On Wed, 2009-10-28 at 15:55 -0500, Nathan Fontenot wrote:
> This patch creates the release sysfs file for memory and updates the
> exisiting probe file so both make arch-specific callouts to handle removing
> and adding memory to the system.  This also creates the powerpc specific stubs
> for handling the arch callouts.
> 
> The creation and use of these files are governed by the exisitng
> CONFIG_ARCH_MEMORY_PROBE and new CONFIG_ARCH_MEMORY_RELEASE config options.
> 
> Signed-off-by: Nathan Fontenot <nfont at austin.ibm.com>
> ---

Is there anybody on linux-mm who needs to Ack this patche ?

Cheers,
Ben.

^ permalink raw reply

* Re: [PATCH 1/6 v5] Kernel DLPAR Infrastructure
From: Benjamin Herrenschmidt @ 2009-10-29  3:08 UTC (permalink / raw)
  To: Nathan Fontenot; +Cc: linuxppc-dev, linux-kernel
In-Reply-To: <4AE8AF4D.4030403@austin.ibm.com>

On Wed, 2009-10-28 at 15:53 -0500, Nathan Fontenot wrote:
> This patch provides the kernel DLPAR infrastructure in a new filed named
> dlpar.c.  The functionality provided is for acquiring and releasing a resource
> from firmware and the parsing of information returned from the
> ibm,configure-connector rtas call.  Additionally this exports the pSeries
> reconfiguration notifier chain so that it can be invoked when device tree 
> updates are made.
> 
> Signed-off-by: Nathan Fontenot <nfont at austin.ibm.com> 
> ---

Hi Nathan !

Finally I get to review this stuff :-)

> +#define CFG_CONN_WORK_SIZE	4096
> +static char workarea[CFG_CONN_WORK_SIZE];
> +static DEFINE_SPINLOCK(workarea_lock);

So I'm not a huge fan of this workarea static.

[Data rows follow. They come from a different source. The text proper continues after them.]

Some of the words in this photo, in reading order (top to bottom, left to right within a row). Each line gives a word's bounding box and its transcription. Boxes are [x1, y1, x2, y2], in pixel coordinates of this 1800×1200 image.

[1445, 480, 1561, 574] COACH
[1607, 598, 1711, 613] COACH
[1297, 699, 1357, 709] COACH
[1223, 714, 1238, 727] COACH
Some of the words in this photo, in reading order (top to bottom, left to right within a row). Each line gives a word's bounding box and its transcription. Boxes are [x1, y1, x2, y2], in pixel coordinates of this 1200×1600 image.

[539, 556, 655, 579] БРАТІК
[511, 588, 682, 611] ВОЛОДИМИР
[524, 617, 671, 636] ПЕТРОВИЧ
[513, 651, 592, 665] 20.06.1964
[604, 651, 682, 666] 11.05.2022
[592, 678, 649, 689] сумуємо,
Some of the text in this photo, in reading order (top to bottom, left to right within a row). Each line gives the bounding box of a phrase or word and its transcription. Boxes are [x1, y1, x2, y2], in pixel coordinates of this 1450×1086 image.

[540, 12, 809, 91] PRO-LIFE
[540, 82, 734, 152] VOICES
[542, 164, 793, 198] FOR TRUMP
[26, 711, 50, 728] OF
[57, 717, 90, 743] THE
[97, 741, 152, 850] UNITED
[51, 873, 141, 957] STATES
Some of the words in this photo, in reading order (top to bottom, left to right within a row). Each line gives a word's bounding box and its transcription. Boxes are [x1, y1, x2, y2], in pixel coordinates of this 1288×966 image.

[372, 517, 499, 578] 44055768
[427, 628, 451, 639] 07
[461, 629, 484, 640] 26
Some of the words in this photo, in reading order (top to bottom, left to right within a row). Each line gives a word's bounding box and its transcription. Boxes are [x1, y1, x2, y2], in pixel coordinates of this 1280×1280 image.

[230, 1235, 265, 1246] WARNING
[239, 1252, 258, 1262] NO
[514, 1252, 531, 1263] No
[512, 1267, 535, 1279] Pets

First a static is in
effect a global name (as far as System.map etc... are concerned) so it
would warrant a better name. Then, do we really want that 4K of BSS
taken even on platforms that don't do dlpar ? Any reason why you don't
just pop a free page with __get_free_page() inside of
configure_connector() ?

> +struct cc_workarea {
> +	u32	drc_index;
> +	u32	zero;
> +	u32	name_offset;
> +	u32	prop_length;
> +	u32	prop_offset;
> +};
> +
> +static struct property *parse_cc_property(char *workarea)
> +{
> +	struct property *prop;
> +	struct cc_workarea *ccwa;
> +	char *name;
> +	char *value;
> +
> +	prop = kzalloc(sizeof(*prop), GFP_KERNEL);
> +	if (!prop)
> +		return NULL;
> +
> +	ccwa = (struct cc_workarea *)workarea;
> +	name = workarea + ccwa->name_offset;
> +	prop->name = kzalloc(strlen(name) + 1, GFP_KERNEL);
> +	if (!prop->name) {
> +		kfree(prop);
> +		return NULL;
> +	}
> +
> +	strcpy(prop->name, name);
> +
> +	prop->length = ccwa->prop_length;
> +	value = workarea + ccwa->prop_offset;
> +	prop->value = kzalloc(prop->length, GFP_KERNEL);
> +	if (!prop->value) {
> +		kfree(prop->name);
> +		kfree(prop);
> +		return NULL;
> +	}
> +
> +	memcpy(prop->value, value, prop->length);
> +	return prop;
> +}
> +
> +static void free_property(struct property *prop)
> +{
> +	kfree(prop->name);
> +	kfree(prop->value);
> +	kfree(prop);
> +}
> +
> +static struct device_node *parse_cc_node(char *work_area)
> +{

const char* maybe ?

> +	struct device_node *dn;
> +	struct cc_workarea *ccwa;
> +	char *name;
> +
> +	dn = kzalloc(sizeof(*dn), GFP_KERNEL);
> +	if (!dn)
> +		return NULL;
> +
> +	ccwa = (struct cc_workarea *)work_area;
> +	name = work_area + ccwa->name_offset;

I'm wondering whether work_area should be a struct cc_workarea * in the
first place with a char data[] at the end, but that would mean probably
tweaking the offsets... no big deal, up to you.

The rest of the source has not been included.